• _Task to complete_:
Reproduce only this part of the listing: the line with "this 2212×1659 image.", plus every line after it through the last.

• _Data for review_:
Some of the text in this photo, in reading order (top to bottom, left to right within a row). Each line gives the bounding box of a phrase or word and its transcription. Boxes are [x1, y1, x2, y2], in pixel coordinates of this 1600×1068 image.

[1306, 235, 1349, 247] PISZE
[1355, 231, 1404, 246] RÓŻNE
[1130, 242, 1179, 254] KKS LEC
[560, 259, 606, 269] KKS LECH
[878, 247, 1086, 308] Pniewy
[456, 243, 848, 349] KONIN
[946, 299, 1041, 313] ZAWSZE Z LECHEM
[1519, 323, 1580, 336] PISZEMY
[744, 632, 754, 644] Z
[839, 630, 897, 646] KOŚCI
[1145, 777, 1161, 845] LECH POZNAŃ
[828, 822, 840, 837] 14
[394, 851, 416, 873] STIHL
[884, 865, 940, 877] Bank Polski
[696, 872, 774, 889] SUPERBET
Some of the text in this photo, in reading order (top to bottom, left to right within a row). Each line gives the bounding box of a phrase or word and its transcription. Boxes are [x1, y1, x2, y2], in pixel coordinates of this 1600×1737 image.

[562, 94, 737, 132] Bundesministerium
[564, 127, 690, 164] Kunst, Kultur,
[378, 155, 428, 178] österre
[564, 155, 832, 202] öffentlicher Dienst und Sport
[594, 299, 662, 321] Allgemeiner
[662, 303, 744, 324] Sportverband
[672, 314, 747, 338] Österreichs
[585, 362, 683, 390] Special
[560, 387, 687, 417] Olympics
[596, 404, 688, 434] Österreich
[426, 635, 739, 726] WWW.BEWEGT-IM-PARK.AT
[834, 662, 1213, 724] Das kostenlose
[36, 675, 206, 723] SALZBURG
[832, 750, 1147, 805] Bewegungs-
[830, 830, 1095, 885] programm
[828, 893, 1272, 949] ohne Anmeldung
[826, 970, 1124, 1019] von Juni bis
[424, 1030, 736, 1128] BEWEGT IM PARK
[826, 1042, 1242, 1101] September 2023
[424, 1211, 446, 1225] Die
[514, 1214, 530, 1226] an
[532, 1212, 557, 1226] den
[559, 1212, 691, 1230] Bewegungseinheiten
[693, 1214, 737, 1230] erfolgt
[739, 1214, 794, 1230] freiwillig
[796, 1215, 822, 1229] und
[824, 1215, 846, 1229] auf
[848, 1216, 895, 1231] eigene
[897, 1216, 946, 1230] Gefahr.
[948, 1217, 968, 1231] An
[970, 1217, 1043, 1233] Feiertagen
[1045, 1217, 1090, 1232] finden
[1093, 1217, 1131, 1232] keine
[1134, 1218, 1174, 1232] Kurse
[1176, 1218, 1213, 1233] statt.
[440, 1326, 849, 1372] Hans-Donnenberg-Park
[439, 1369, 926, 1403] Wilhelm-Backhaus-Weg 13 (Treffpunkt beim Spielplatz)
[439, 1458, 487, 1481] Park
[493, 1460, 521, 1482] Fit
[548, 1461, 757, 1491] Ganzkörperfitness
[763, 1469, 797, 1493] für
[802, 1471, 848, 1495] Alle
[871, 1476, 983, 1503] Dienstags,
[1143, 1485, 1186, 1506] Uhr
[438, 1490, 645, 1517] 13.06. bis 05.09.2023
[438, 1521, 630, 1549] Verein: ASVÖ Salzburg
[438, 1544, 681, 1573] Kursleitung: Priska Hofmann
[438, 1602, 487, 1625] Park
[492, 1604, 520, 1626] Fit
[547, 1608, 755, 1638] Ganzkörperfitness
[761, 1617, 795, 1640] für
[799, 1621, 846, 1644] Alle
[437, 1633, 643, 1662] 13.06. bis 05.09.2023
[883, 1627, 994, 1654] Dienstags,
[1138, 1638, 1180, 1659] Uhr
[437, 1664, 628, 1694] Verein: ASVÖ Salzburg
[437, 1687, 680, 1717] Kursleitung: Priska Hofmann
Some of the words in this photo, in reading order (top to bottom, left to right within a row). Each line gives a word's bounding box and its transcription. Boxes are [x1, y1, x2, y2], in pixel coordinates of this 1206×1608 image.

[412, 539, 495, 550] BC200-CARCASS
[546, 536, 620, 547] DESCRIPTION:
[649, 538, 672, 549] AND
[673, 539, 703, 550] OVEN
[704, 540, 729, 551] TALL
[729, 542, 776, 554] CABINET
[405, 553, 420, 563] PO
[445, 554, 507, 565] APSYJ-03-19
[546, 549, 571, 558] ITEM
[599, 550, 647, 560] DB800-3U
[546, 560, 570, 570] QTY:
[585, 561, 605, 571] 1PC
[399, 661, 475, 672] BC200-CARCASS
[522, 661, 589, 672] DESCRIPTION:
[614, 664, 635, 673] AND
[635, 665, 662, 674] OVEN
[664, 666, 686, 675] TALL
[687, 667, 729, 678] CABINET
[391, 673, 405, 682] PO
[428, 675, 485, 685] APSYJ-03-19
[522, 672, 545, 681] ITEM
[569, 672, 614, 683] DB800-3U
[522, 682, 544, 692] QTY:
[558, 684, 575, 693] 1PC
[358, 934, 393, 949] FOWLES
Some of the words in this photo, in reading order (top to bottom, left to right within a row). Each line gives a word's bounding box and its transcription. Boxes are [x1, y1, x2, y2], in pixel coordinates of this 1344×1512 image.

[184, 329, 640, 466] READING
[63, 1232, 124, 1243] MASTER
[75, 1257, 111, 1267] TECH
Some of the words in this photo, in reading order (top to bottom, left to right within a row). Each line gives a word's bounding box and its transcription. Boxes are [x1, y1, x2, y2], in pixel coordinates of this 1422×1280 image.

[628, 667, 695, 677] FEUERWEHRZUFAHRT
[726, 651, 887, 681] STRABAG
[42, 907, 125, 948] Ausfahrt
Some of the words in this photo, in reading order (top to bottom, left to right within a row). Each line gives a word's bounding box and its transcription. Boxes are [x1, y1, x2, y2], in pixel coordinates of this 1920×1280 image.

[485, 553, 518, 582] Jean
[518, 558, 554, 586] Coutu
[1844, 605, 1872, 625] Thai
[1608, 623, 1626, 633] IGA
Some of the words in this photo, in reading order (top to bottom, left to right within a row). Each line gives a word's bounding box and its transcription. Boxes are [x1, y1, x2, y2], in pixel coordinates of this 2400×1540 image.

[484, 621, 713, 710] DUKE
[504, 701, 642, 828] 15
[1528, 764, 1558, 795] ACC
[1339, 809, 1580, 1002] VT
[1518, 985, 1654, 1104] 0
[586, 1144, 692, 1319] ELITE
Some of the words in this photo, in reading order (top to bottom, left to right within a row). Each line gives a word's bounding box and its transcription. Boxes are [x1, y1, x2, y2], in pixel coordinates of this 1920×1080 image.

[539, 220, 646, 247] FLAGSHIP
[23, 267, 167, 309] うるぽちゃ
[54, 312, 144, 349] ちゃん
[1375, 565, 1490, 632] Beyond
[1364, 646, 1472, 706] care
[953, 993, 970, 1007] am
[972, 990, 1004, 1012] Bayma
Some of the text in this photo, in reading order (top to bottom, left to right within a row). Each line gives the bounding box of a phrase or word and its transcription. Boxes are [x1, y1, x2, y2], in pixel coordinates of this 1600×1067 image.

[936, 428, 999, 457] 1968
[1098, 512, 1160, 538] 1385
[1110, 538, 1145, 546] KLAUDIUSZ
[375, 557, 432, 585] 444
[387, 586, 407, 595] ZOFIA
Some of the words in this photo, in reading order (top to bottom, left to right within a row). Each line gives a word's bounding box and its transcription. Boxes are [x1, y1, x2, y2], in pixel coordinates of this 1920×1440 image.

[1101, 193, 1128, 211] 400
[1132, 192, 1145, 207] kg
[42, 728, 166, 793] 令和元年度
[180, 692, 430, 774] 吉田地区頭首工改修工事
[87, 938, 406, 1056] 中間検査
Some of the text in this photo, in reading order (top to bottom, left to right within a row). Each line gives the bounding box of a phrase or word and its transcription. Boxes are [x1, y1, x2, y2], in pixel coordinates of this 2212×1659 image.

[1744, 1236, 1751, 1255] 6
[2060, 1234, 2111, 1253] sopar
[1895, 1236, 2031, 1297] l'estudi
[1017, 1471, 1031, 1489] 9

• _Response for this exercise_:
Some of the text in this photo, in reading order (top to bottom, left to right within a row). Each line gives the bounding box of a phrase or word and its transcription. Boxes are [x1, y1, x2, y2], in pixel coordinates of this 2212×1659 image.

[1744, 1236, 1751, 1255] 6
[2060, 1234, 2111, 1253] sopar
[1895, 1236, 2031, 1297] l'estudi
[1017, 1471, 1031, 1489] 9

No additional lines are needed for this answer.